Feline Epilepsy is as common in the animal as epilepsy is in humans, and may have the same symptoms and causes. It can be a frightening experience to see your beloved cat acting strangely or thrashing about on the floor, but understanding the condition can help, and your pet healthcare provider can possibly alleviate the symptoms. There are no definitive answers as to why cats acquire epilepsy, but there are conditions that the animal may have that can trigger such an epileptic fit.
Here is a list of common medical issues that may contribute to feline epilepsy:
•Cat Fever, hyperthermia, or fever caused by infection
• Poisoning from toxins such as antifreeze or lead
• Cat Diabetes or possible tumor on the pancreas
• Anemia or blood disorders contributing to lack of oxygen to the brain
• Cat Allergies and allergic reactions to medication, or the medications themselves
• Congenital defects or even a diagnosis of primary epilepsy
Types of Seizures
There are different classifications of seizure in cats, and each type can be caused by a certain condition. A partial seizure can be the result of lesions on the brain, in which only part of the body’s musculature is affected. One half of the animal may twitch, or become useless, during the activity. This type of seizure is unsettling to witness, especially when the pet was fine for years. Strange behavior such as eyes wandering or legs not working on one side of the body is evident of this kind of paroxysm.
Grand Mal vs. Petit Mal
A whole body experience is more common in general seizure activity, such as grand mal or petit mal convulsions. In grand mal, the animal may wander around aimlessly at first, eyes not focusing and making strange noises. Sudden onset can follow, with the whole body falling over and limbs beginning to twitch or paddle. In petit mal, the cat may stop whatever it was doing and lower its head, eyes looking strange and distant, followed by the cat collapsing in unconsciousness. Petit mal normally has no spasms, but the animal may stay asleep for several hours.

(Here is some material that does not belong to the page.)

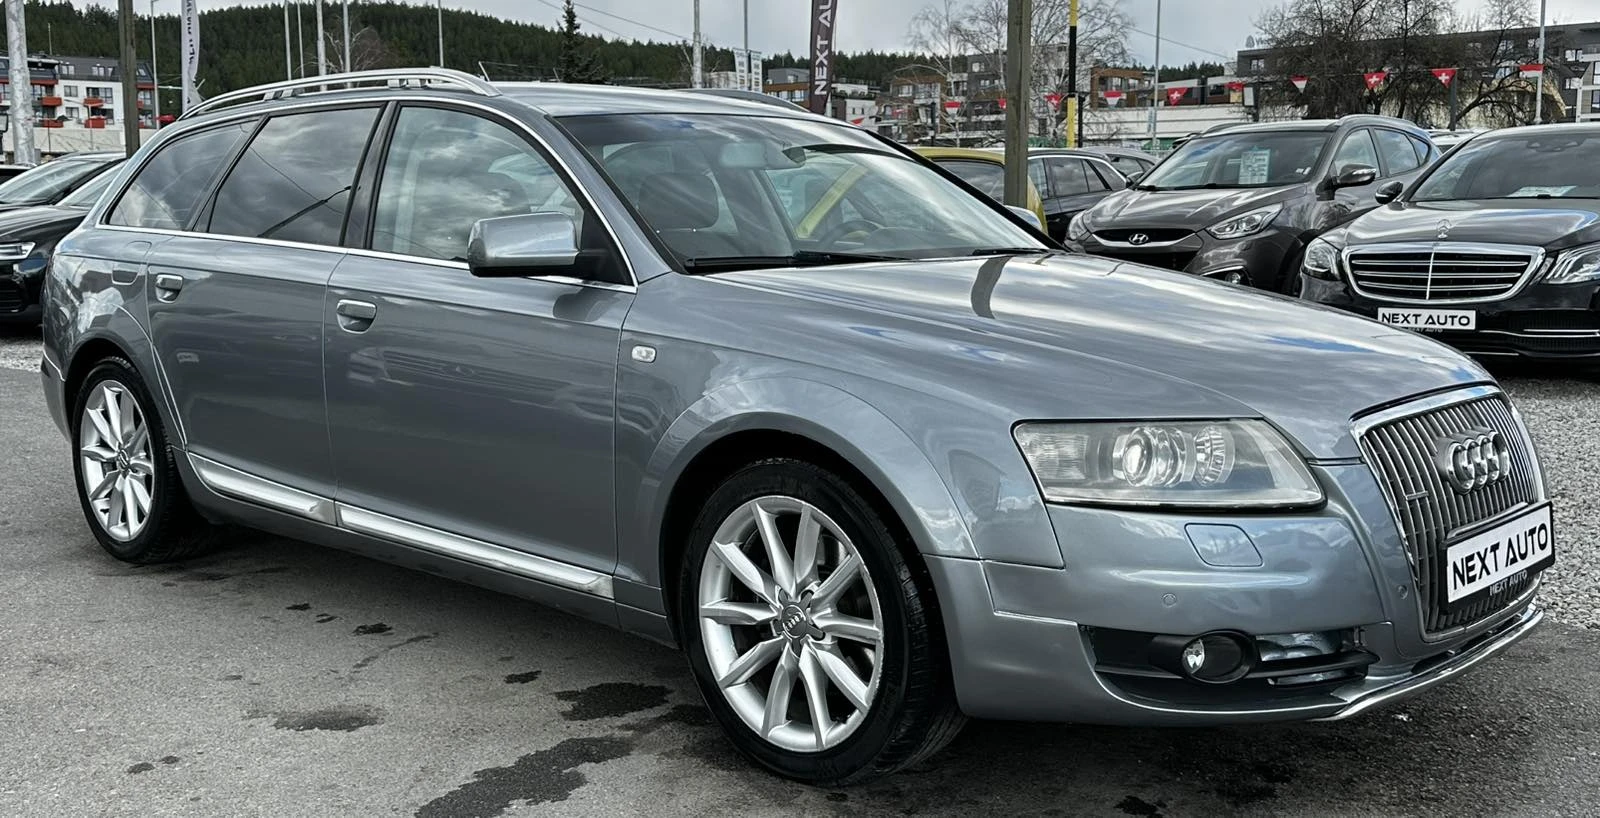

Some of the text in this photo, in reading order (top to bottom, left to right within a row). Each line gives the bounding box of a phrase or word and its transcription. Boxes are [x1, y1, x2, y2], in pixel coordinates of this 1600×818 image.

[814, 35, 829, 96] NEXT
[1381, 312, 1470, 326] NEXT AUTO
[1452, 523, 1548, 590] NEXT AUTO
[1489, 569, 1528, 596] NEXT AUTO

During a grand mal epileptic convulsion, there is not much you can do to stop it. It can be rather frightening to see your pet paddling its legs and spitting while lying on its side. The eyes might be tightly shut or open and rolling, but be assured, the animal is not really conscious during the seizure, so it feels no pain or discomfort.
First Aid and Treatment
For first aid during the convulsions, NEVER put anything in your cat’s mouth. Cats will not “swallow” their tongue, and you may just end up with a nasty bite. Make sure your cat is comfortable, putting a towel or other soft item under its head to prevent bumping. If the fit goes on for more than thirty minutes, you should call your pet healthcare provider and see about bringing your cat into the emergency room.
Epilepsy in felines is indeed an unsettling condition to witness, but it does not have to mean your pet is “damaged” or unfit for love. The convulsions may have been the result of the conditions touched on above, and may only be temporary. Proper diagnoses and even medications may help alleviate further symptoms and attacks. Talking with your veterinarian can help shed light upon your beloved cat’s condition, and help relieve you of worry.